Supplied data:
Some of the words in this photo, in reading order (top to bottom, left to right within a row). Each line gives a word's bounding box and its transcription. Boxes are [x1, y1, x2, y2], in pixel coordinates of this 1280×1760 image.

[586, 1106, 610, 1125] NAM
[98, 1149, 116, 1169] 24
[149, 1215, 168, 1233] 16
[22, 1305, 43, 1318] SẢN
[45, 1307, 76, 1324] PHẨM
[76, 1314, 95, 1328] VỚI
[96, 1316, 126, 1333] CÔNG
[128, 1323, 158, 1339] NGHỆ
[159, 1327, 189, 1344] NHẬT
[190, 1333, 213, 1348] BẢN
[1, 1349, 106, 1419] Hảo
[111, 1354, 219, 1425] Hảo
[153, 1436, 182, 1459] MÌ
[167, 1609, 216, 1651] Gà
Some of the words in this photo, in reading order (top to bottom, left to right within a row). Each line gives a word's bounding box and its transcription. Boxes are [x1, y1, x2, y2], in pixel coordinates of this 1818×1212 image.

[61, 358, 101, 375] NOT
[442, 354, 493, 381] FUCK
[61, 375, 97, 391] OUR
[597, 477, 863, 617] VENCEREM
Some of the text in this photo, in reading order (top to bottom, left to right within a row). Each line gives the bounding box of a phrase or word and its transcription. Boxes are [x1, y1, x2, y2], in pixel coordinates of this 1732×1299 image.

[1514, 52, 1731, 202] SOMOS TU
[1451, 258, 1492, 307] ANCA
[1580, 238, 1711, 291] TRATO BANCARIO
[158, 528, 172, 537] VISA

Exercise objective:
Exactly as given, set down all of the lines above.

Task result:
Some of the words in this photo, in reading order (top to bottom, left to right within a row). Each line gives a word's bounding box and its transcription. Boxes are [x1, y1, x2, y2], in pixel coordinates of this 1280×1760 image.

[586, 1106, 610, 1125] NAM
[98, 1149, 116, 1169] 24
[149, 1215, 168, 1233] 16
[22, 1305, 43, 1318] SẢN
[45, 1307, 76, 1324] PHẨM
[76, 1314, 95, 1328] VỚI
[96, 1316, 126, 1333] CÔNG
[128, 1323, 158, 1339] NGHỆ
[159, 1327, 189, 1344] NHẬT
[190, 1333, 213, 1348] BẢN
[1, 1349, 106, 1419] Hảo
[111, 1354, 219, 1425] Hảo
[153, 1436, 182, 1459] MÌ
[167, 1609, 216, 1651] Gà
Some of the words in this photo, in reading order (top to bottom, left to right within a row). Each line gives a word's bounding box and its transcription. Boxes are [x1, y1, x2, y2], in pixel coordinates of this 1818×1212 image.

[61, 358, 101, 375] NOT
[442, 354, 493, 381] FUCK
[61, 375, 97, 391] OUR
[597, 477, 863, 617] VENCEREM
Some of the text in this photo, in reading order (top to bottom, left to right within a row). Each line gives the bounding box of a phrase or word and its transcription. Boxes are [x1, y1, x2, y2], in pixel coordinates of this 1732×1299 image.

[1514, 52, 1731, 202] SOMOS TU
[1451, 258, 1492, 307] ANCA
[1580, 238, 1711, 291] TRATO BANCARIO
[158, 528, 172, 537] VISA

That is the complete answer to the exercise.